Records for the exercise

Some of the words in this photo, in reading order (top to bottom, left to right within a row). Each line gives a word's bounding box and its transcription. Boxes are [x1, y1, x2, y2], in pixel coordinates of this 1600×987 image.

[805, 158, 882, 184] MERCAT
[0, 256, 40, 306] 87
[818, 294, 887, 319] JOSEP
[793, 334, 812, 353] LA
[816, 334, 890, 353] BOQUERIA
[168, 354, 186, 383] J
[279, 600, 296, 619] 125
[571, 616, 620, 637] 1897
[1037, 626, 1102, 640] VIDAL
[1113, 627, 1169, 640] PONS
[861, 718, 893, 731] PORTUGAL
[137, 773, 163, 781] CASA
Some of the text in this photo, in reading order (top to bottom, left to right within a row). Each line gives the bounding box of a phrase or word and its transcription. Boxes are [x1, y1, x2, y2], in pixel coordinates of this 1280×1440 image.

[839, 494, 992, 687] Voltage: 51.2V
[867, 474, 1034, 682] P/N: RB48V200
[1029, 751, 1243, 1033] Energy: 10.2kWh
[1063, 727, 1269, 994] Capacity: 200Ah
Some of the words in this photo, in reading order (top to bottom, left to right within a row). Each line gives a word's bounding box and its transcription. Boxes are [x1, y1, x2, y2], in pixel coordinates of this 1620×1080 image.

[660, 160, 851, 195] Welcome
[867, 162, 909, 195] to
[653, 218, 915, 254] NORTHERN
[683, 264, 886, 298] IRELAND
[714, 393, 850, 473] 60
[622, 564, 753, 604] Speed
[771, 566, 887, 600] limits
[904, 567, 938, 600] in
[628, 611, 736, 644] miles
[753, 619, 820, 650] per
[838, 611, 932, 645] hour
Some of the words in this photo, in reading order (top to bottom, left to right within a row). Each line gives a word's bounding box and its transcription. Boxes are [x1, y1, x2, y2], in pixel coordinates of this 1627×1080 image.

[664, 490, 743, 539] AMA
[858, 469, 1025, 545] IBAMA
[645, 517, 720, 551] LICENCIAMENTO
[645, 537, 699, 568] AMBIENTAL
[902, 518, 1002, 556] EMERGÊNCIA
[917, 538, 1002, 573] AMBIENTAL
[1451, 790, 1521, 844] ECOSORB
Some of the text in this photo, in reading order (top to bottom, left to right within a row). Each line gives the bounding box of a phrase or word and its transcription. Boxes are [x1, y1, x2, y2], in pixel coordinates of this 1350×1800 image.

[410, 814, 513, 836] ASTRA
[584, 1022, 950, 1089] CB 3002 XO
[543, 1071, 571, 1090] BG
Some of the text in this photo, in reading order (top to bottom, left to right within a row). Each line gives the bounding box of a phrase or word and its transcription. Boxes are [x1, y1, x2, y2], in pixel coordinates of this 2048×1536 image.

Problem requirements
Print the material once more, exactly.

Completed exercise
Some of the words in this photo, in reading order (top to bottom, left to right within a row). Each line gives a word's bounding box and its transcription. Boxes are [x1, y1, x2, y2], in pixel coordinates of this 1600×987 image.

[805, 158, 882, 184] MERCAT
[0, 256, 40, 306] 87
[818, 294, 887, 319] JOSEP
[793, 334, 812, 353] LA
[816, 334, 890, 353] BOQUERIA
[168, 354, 186, 383] J
[279, 600, 296, 619] 125
[571, 616, 620, 637] 1897
[1037, 626, 1102, 640] VIDAL
[1113, 627, 1169, 640] PONS
[861, 718, 893, 731] PORTUGAL
[137, 773, 163, 781] CASA
Some of the text in this photo, in reading order (top to bottom, left to right within a row). Each line gives the bounding box of a phrase or word and its transcription. Boxes are [x1, y1, x2, y2], in pixel coordinates of this 1280×1440 image.

[839, 494, 992, 687] Voltage: 51.2V
[867, 474, 1034, 682] P/N: RB48V200
[1029, 751, 1243, 1033] Energy: 10.2kWh
[1063, 727, 1269, 994] Capacity: 200Ah
Some of the words in this photo, in reading order (top to bottom, left to right within a row). Each line gives a word's bounding box and its transcription. Boxes are [x1, y1, x2, y2], in pixel coordinates of this 1620×1080 image.

[660, 160, 851, 195] Welcome
[867, 162, 909, 195] to
[653, 218, 915, 254] NORTHERN
[683, 264, 886, 298] IRELAND
[714, 393, 850, 473] 60
[622, 564, 753, 604] Speed
[771, 566, 887, 600] limits
[904, 567, 938, 600] in
[628, 611, 736, 644] miles
[753, 619, 820, 650] per
[838, 611, 932, 645] hour
Some of the words in this photo, in reading order (top to bottom, left to right within a row). Each line gives a word's bounding box and its transcription. Boxes are [x1, y1, x2, y2], in pixel coordinates of this 1627×1080 image.

[664, 490, 743, 539] AMA
[858, 469, 1025, 545] IBAMA
[645, 517, 720, 551] LICENCIAMENTO
[645, 537, 699, 568] AMBIENTAL
[902, 518, 1002, 556] EMERGÊNCIA
[917, 538, 1002, 573] AMBIENTAL
[1451, 790, 1521, 844] ECOSORB
Some of the text in this photo, in reading order (top to bottom, left to right within a row). Each line gives the bounding box of a phrase or word and its transcription. Boxes are [x1, y1, x2, y2], in pixel coordinates of this 1350×1800 image.

[410, 814, 513, 836] ASTRA
[584, 1022, 950, 1089] CB 3002 XO
[543, 1071, 571, 1090] BG
Some of the text in this photo, in reading order (top to bottom, left to right within a row). Each line gives the bounding box of a phrase or word and its transcription. Boxes are [x1, y1, x2, y2], in pixel coordinates of this 2048×1536 image.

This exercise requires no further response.